A neuroscientific perspective on neurobiological differences in everyone

Jerry Sandusky — a head case puzzle By Robert M. Sapolsky July 15, 2012

Excerpt: “Self-discipline, impulse control, gratification postponement and emotional regulation are all just as much products of biology as anything else that emanates from the brain. The same types of evidence that allowed us to understand the role for biology in such things as abnormal sexual urges have also demonstrated a role for biology in giving in to those urges.”

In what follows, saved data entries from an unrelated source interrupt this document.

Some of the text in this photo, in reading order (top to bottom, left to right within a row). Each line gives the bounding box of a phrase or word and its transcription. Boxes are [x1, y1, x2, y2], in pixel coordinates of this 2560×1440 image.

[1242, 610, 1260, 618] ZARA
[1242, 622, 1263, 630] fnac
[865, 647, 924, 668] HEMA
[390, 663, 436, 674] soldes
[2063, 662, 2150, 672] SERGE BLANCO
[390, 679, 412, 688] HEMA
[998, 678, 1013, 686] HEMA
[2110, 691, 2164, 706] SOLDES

Excerpt 2: “If we are going to incorporate biology into thinking about human behavior — as logic demands we do — then we have to consider how it applies to all our domains of behavior. There are no separate categories.”

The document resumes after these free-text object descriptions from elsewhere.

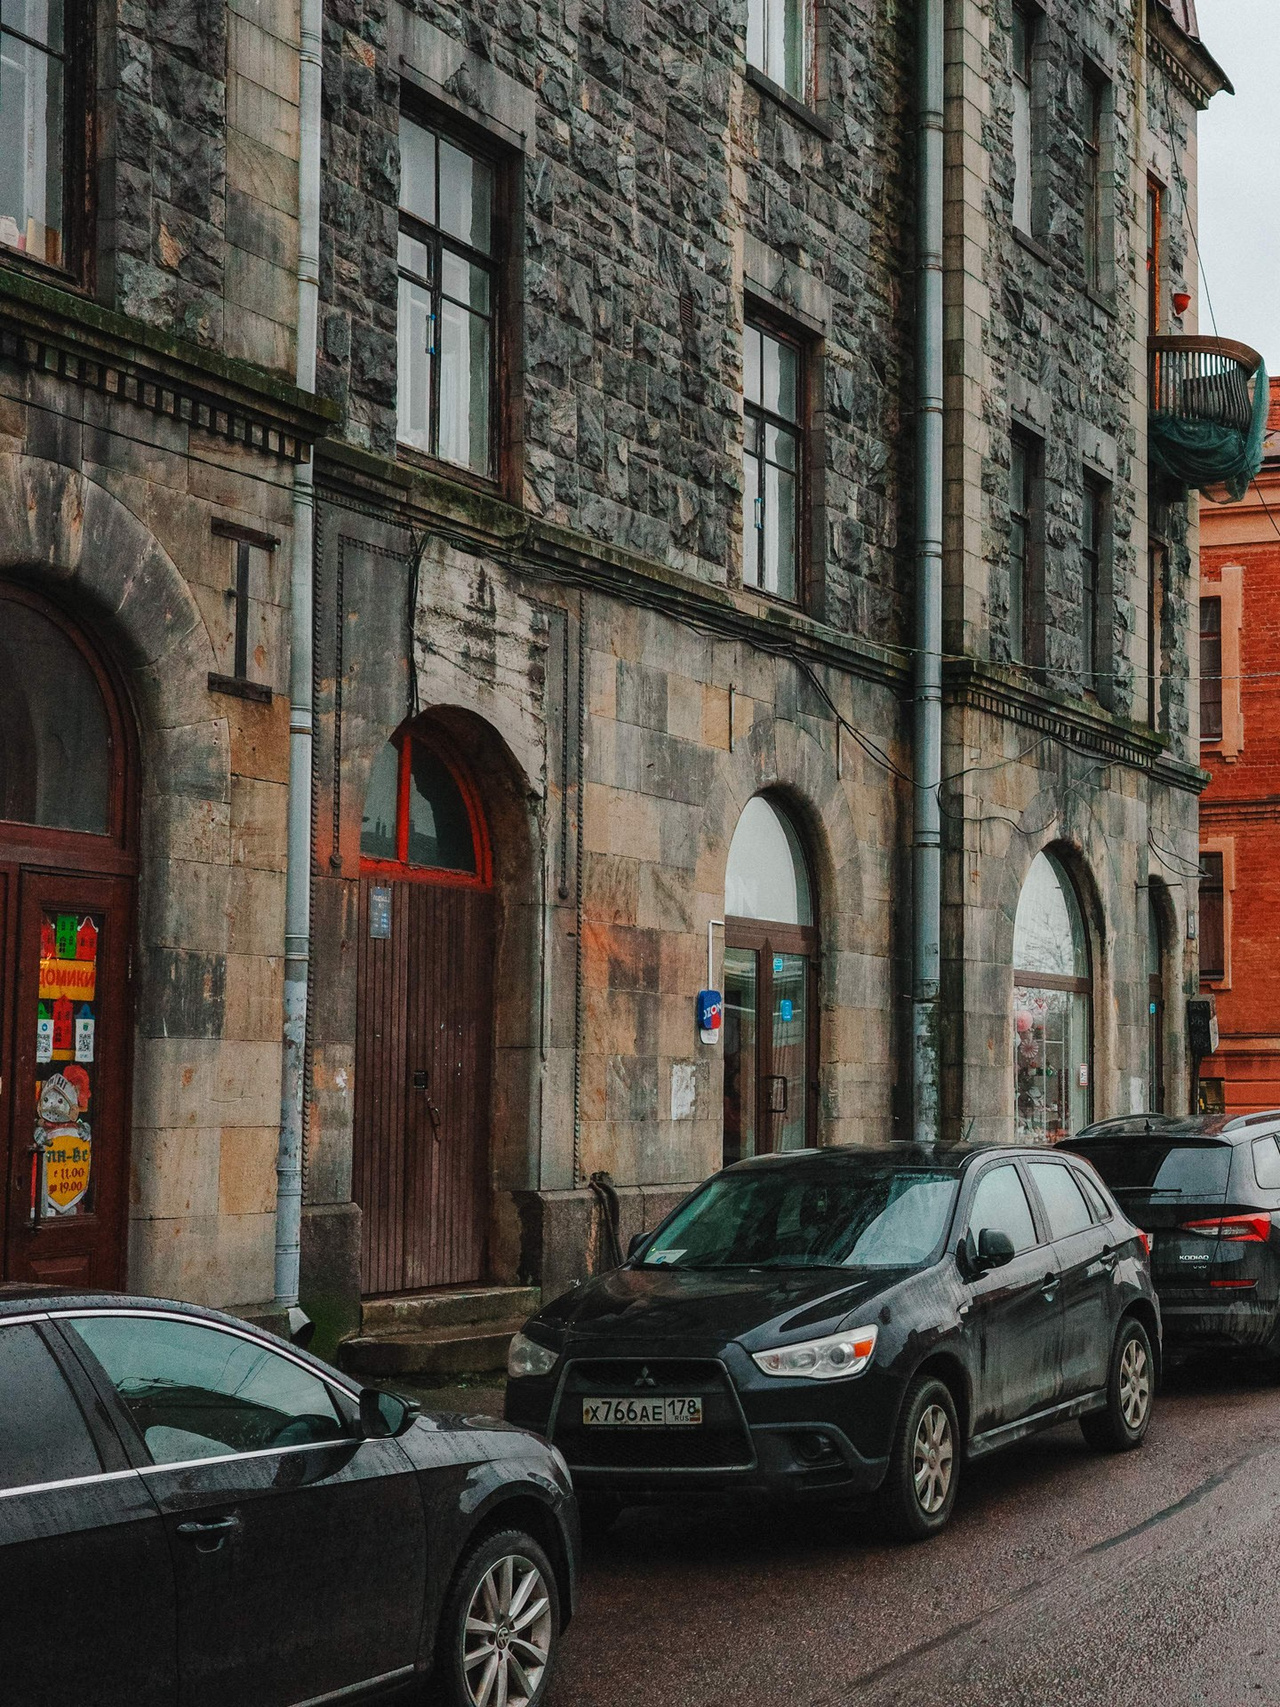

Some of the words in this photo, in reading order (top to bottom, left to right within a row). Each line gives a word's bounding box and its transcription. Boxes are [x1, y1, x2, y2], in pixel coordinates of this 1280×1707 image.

[61, 1167, 85, 1179] 11.00
[60, 1181, 83, 1193] 19.00
[590, 1401, 663, 1421] Х766АЕ
[668, 1400, 696, 1415] 178
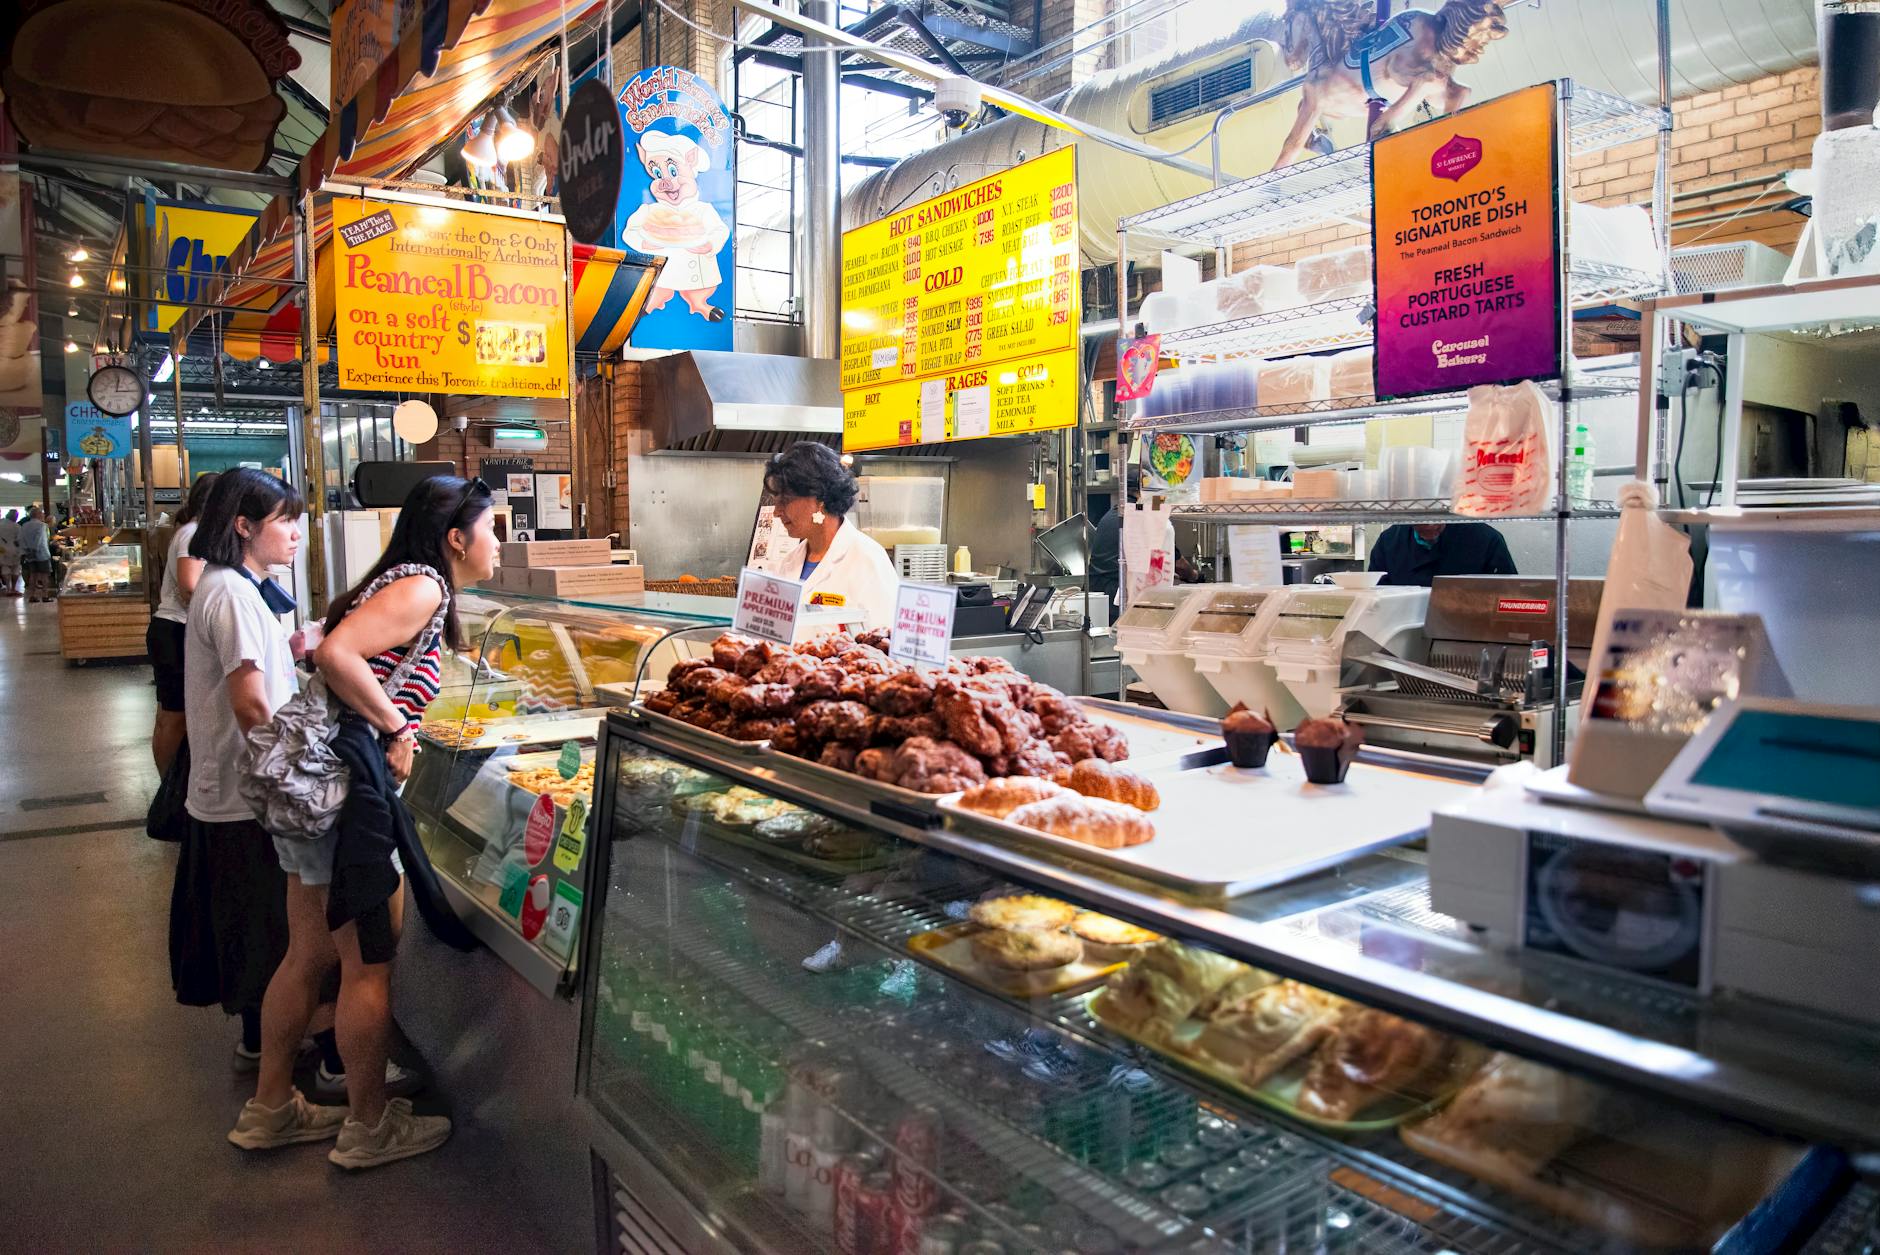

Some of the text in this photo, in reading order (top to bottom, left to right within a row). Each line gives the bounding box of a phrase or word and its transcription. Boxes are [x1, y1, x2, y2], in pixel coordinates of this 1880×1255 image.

[619, 66, 729, 130] World Famous
[626, 90, 722, 146] Sandwiches
[560, 115, 616, 183] Order
[1443, 151, 1477, 167] LAWRENCE
[890, 180, 1002, 238] HOT SANDWICHES
[1017, 193, 1038, 212] STEAK
[1411, 185, 1506, 223] TORONTO'S
[348, 221, 393, 246] THE PLACE!
[942, 218, 968, 237] CHICKEN
[1002, 218, 1022, 236] ROAST
[1025, 212, 1040, 227] BEEF
[1395, 200, 1527, 246] SIGNATURE DISH
[455, 227, 476, 244] the
[479, 230, 506, 247] One
[510, 233, 522, 247] &
[524, 235, 558, 254] Only
[926, 248, 936, 261] HOT
[939, 239, 963, 257] SAUSAGE
[1002, 237, 1020, 255] MEAT
[1400, 224, 1522, 260] The Peameal Bacon Sandwich
[388, 236, 559, 267] Internationally Acclaimed
[845, 254, 868, 271] PEAMEAL
[881, 243, 899, 259] BACON
[344, 254, 560, 308] Peameal Bacon
[845, 271, 866, 287] CHICKEN
[867, 260, 899, 280] PARMIGIANA
[925, 266, 963, 292] COLD
[1434, 262, 1484, 286] FRESH
[845, 289, 857, 301] VEAL
[859, 279, 891, 298] PARMIGIANA
[1408, 275, 1514, 309] PORTUGUESE
[349, 303, 451, 332] on a soft
[449, 299, 483, 315] (style)
[922, 303, 947, 321] CHICKEN
[949, 300, 961, 314] PITA
[1400, 291, 1525, 328] CUSTARD TARTS
[921, 322, 944, 338] SMOKED
[987, 324, 1008, 340] GREEK
[1011, 319, 1034, 335] SALAD
[353, 329, 445, 355] country
[921, 340, 936, 354] TUNA
[940, 337, 952, 351] PITA
[1432, 335, 1490, 355] Carousel
[375, 344, 421, 370] bun
[844, 356, 870, 371] EGGPLANT
[921, 356, 941, 371] VEGGIE
[944, 352, 962, 366] WRAP
[1437, 353, 1487, 368] Bakery
[346, 368, 414, 386] Experience
[415, 369, 440, 386] this
[441, 371, 488, 388] Toronto
[844, 374, 856, 386] HAM
[863, 368, 881, 382] CHEESE
[1017, 363, 1043, 378] COLD
[865, 393, 880, 405] HOT
[996, 385, 1015, 396] SOFT
[1017, 381, 1045, 394] DRINKS
[997, 395, 1031, 407] ICED TEA
[846, 410, 866, 420] COFFEE
[996, 405, 1037, 419] LEMONADE
[847, 421, 857, 429] TEA
[996, 419, 1015, 429] MILK
[742, 602, 763, 614] APPLE
[765, 608, 793, 622] FRITTER
[745, 590, 794, 613] PREMIUM
[1500, 602, 1547, 610] THUNDERBIRD
[899, 607, 945, 625] PREMIUM
[897, 622, 915, 632] APPLE

My comment (on separate categories):

What is known about adaptive evolution and the neuroscience of ecological, social, neurogenic, and socio-cognitive niche construction minimally ensures that hormone-dependent human brain development has enabled free will. The number of our choices clearly exceeds the more readily demonstrable conditioned responses that are linked directly to unconscious affects on behavior from sensory input via gene activation in hormone-secreting nerve cells of brain tissue in the hypothalamus of other mammals. These are the classically conditioned (Pavlovian) responses associated with nutrient chemical acquisition and reproduction in species from microbes to man.

For contrast, it is our operantly conditioned responses that are linked to Pavlovian UCS:CS pairings to ensure we respond with animalistic behavior to the salience of integrated sensory cues. Both classical and operant conditoning lead to powerful reinforcement of neurophysiological rewards. Unlike other animals, nonetheless, we can think about how our behavior is linked to neurophysiological rewards, and attempt to determine why we may behave badly, and what to do about it.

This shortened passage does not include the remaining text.